[Text-to-region grounding data]
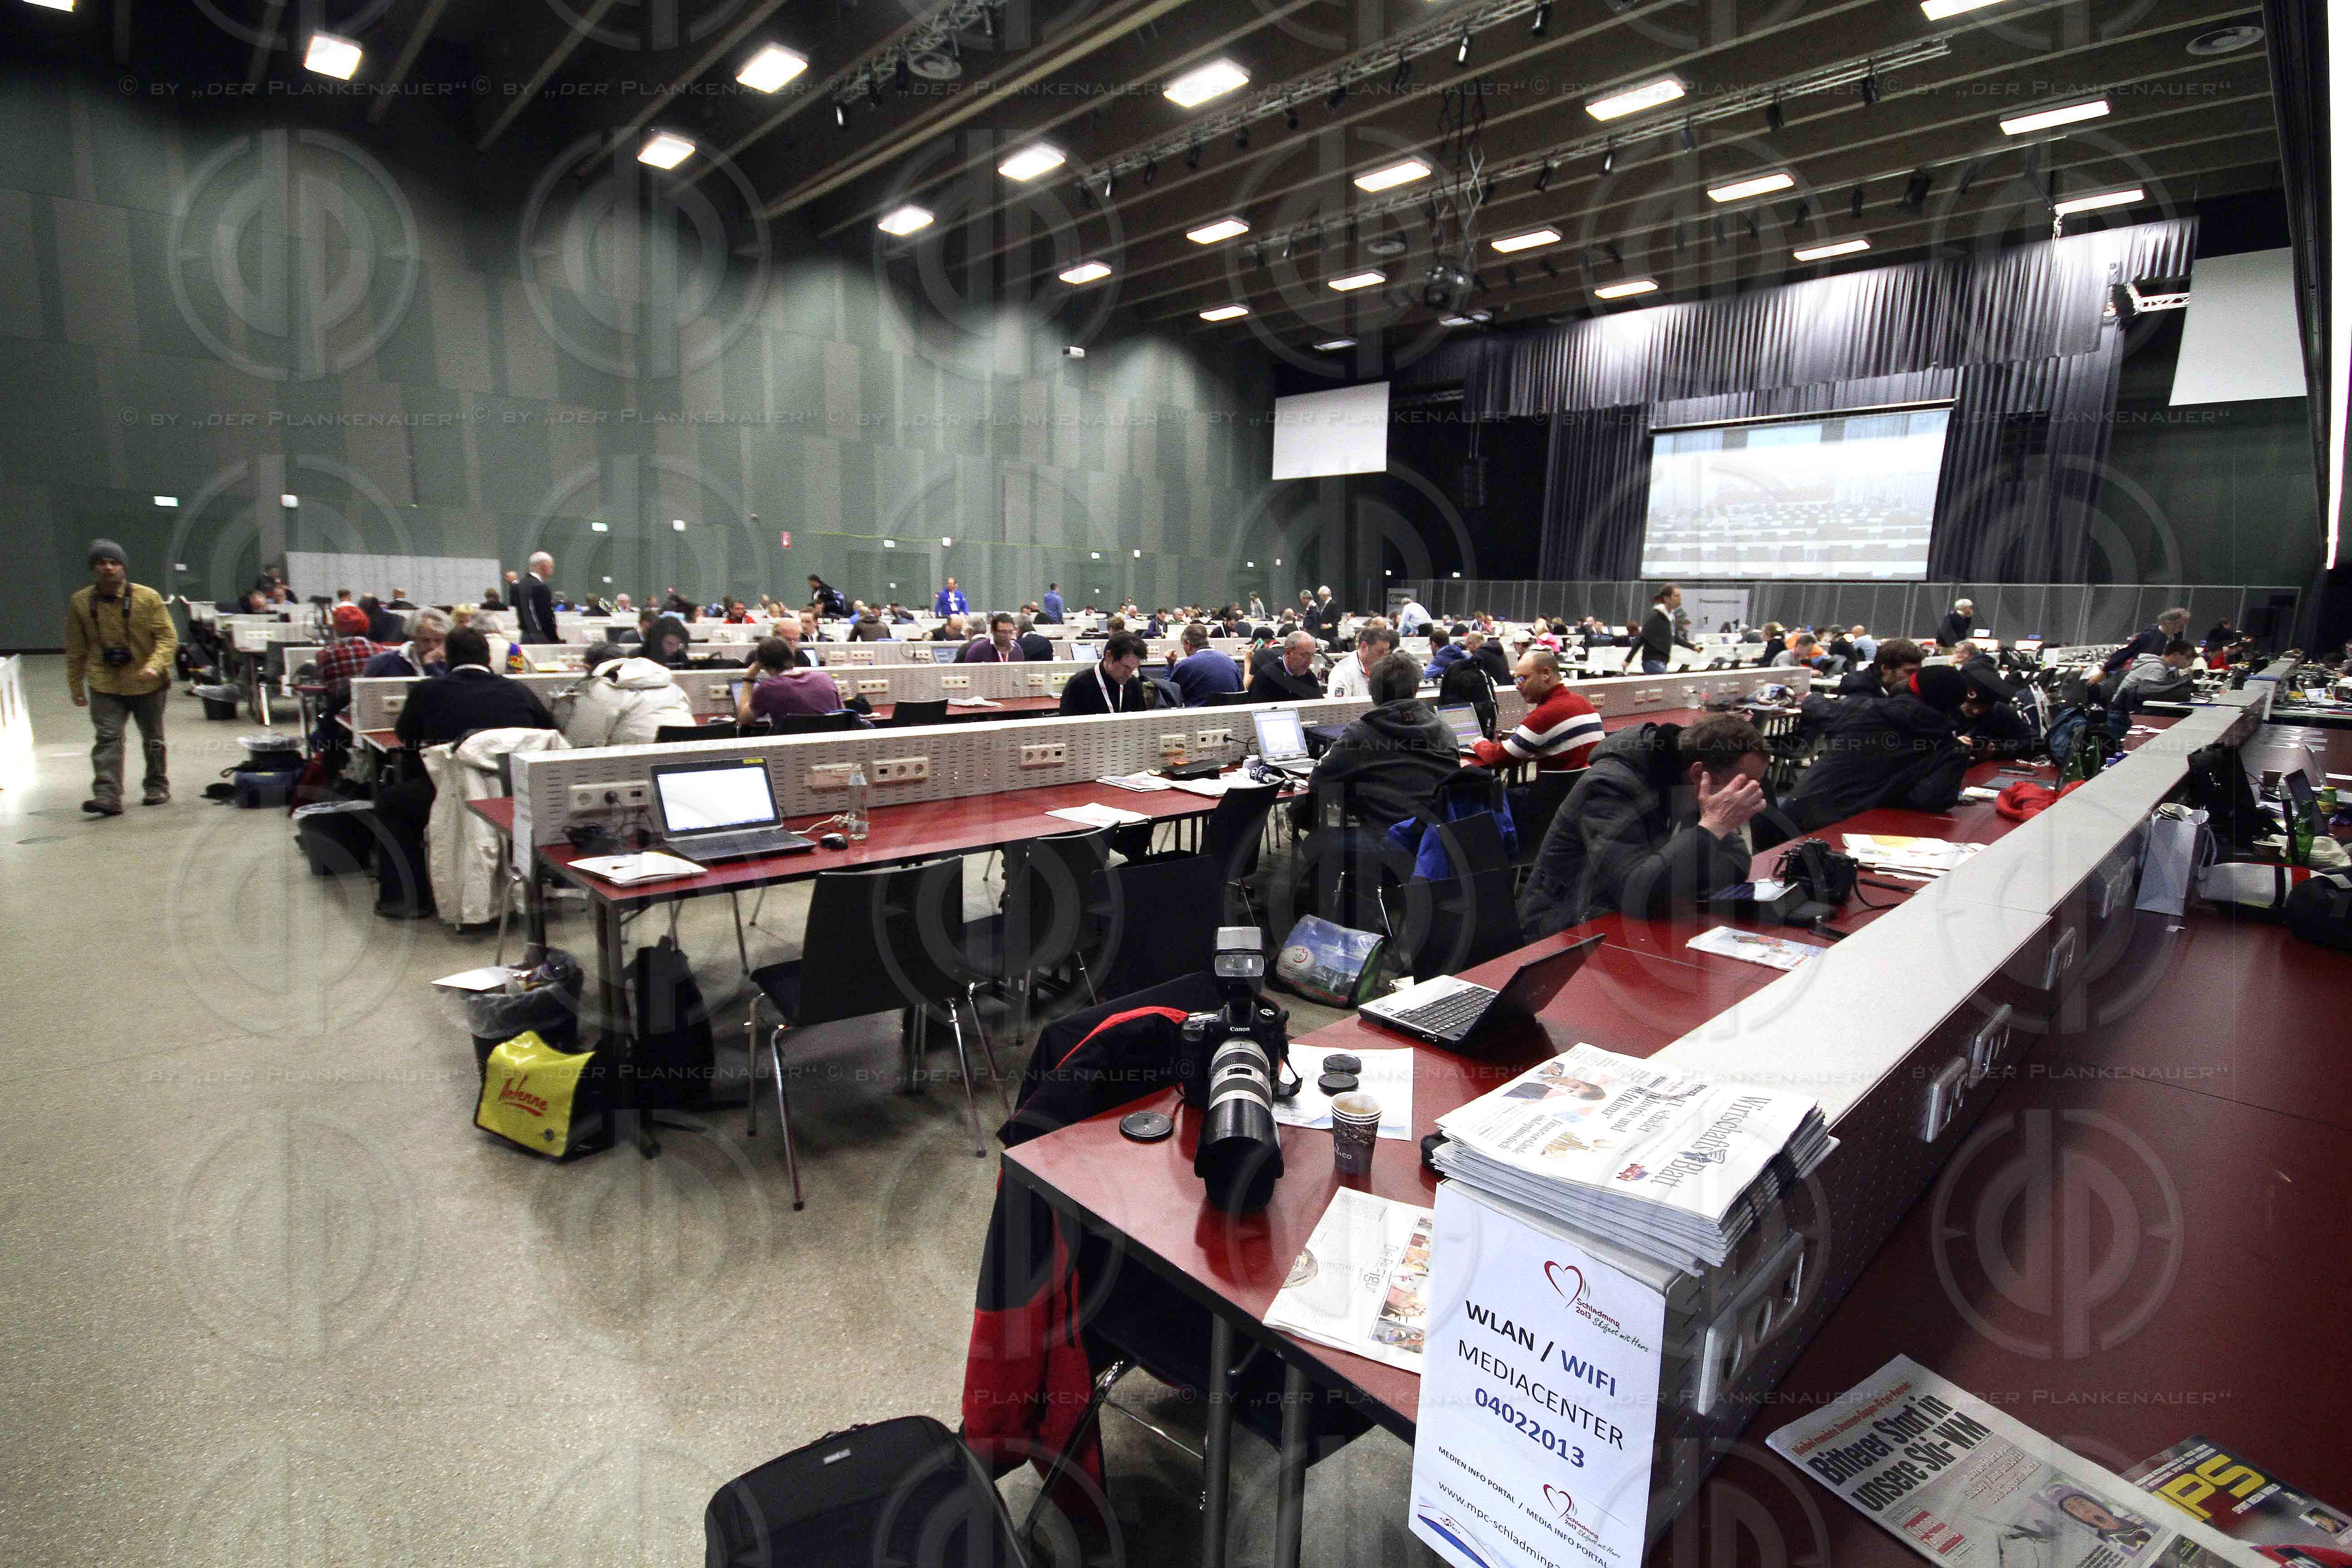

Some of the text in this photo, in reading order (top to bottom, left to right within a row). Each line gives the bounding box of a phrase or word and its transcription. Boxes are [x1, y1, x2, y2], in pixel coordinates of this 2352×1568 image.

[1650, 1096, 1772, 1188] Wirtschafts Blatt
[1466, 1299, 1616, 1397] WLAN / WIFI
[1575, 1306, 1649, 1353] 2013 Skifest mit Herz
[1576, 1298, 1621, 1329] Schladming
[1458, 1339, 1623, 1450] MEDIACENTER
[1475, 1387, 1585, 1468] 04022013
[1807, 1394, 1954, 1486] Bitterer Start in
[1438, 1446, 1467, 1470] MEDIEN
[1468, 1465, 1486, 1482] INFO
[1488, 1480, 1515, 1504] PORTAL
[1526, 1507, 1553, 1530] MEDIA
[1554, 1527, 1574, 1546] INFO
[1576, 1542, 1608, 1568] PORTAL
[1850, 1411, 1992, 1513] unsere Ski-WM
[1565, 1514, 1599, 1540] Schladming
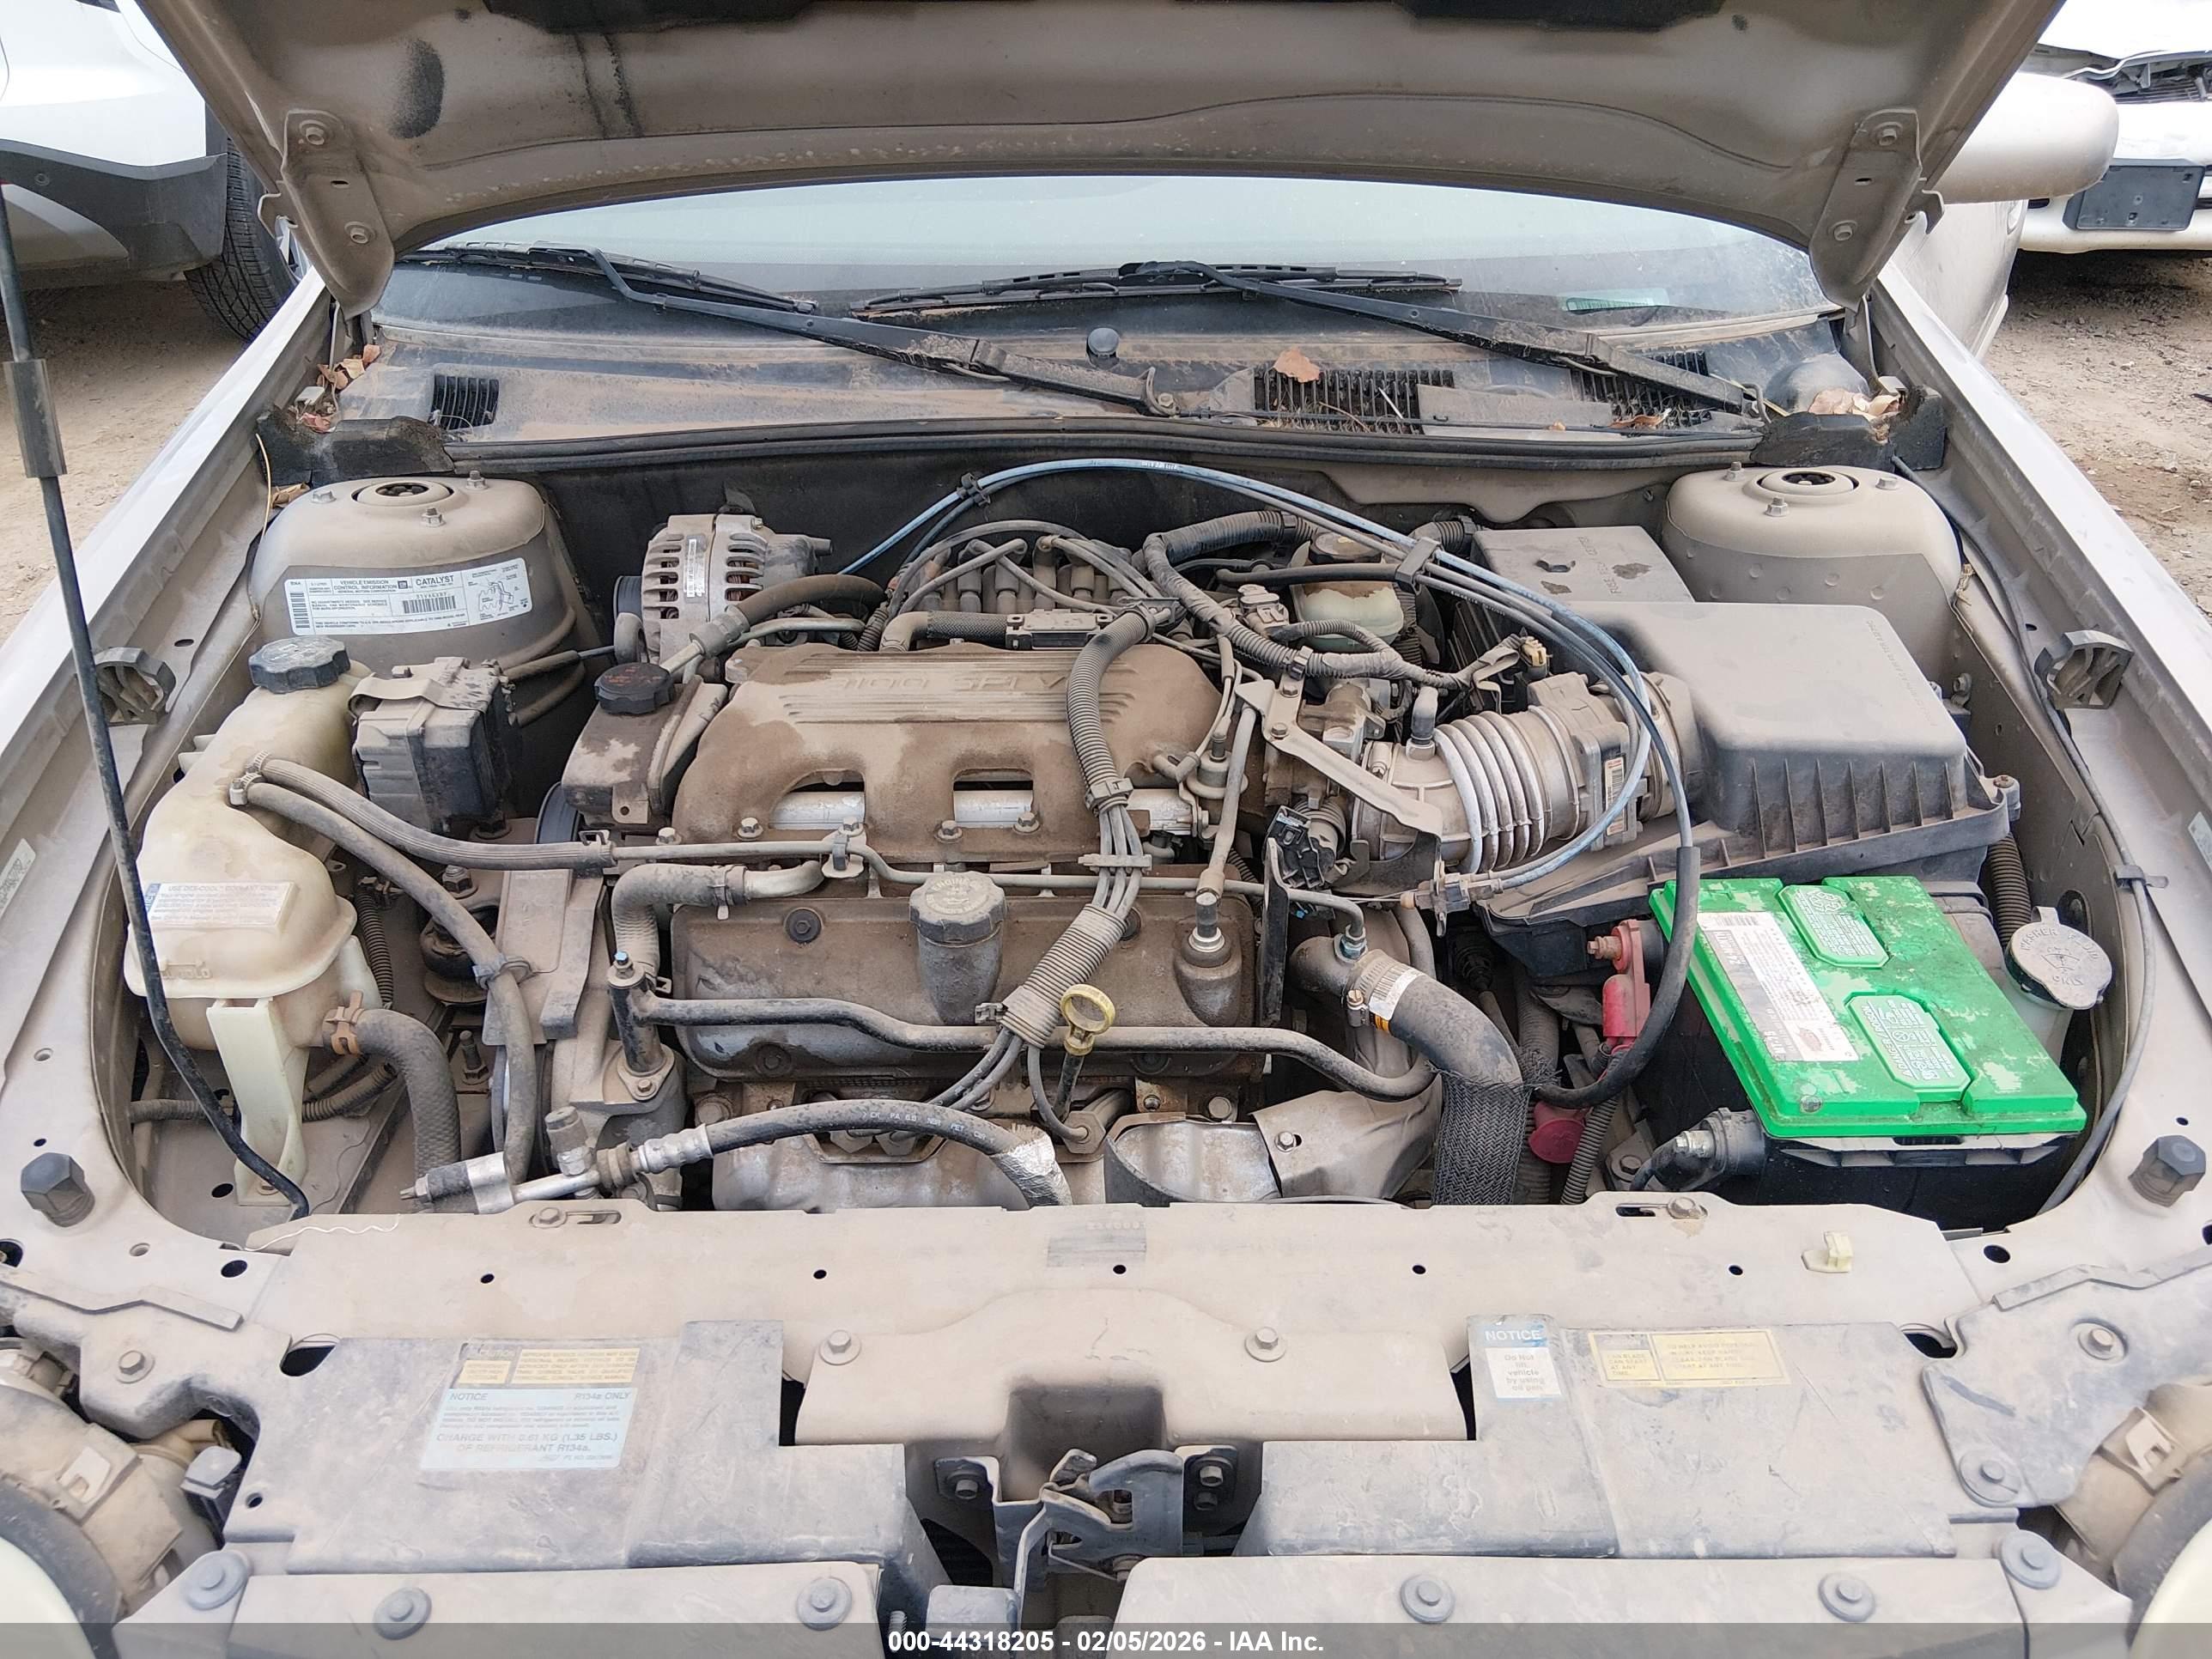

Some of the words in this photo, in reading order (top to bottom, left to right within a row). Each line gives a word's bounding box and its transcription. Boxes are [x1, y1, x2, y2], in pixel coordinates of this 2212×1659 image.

# [Work request]
The records above need to be copied exactly, though not their pictures.

# [Exercise response]
Some of the text in this photo, in reading order (top to bottom, left to right within a row). Each line gives the bounding box of a phrase or word and its transcription. Boxes are [x1, y1, x2, y2], in pixel coordinates of this 2352×1568 image.

[1650, 1096, 1772, 1188] Wirtschafts Blatt
[1466, 1299, 1616, 1397] WLAN / WIFI
[1575, 1306, 1649, 1353] 2013 Skifest mit Herz
[1576, 1298, 1621, 1329] Schladming
[1458, 1339, 1623, 1450] MEDIACENTER
[1475, 1387, 1585, 1468] 04022013
[1807, 1394, 1954, 1486] Bitterer Start in
[1438, 1446, 1467, 1470] MEDIEN
[1468, 1465, 1486, 1482] INFO
[1488, 1480, 1515, 1504] PORTAL
[1526, 1507, 1553, 1530] MEDIA
[1554, 1527, 1574, 1546] INFO
[1576, 1542, 1608, 1568] PORTAL
[1850, 1411, 1992, 1513] unsere Ski-WM
[1565, 1514, 1599, 1540] Schladming

Some of the words in this photo, in reading order (top to bottom, left to right within a row). Each line gives a word's bounding box and its transcription. Boxes are [x1, y1, x2, y2], in pixel coordinates of this 2212×1659 image.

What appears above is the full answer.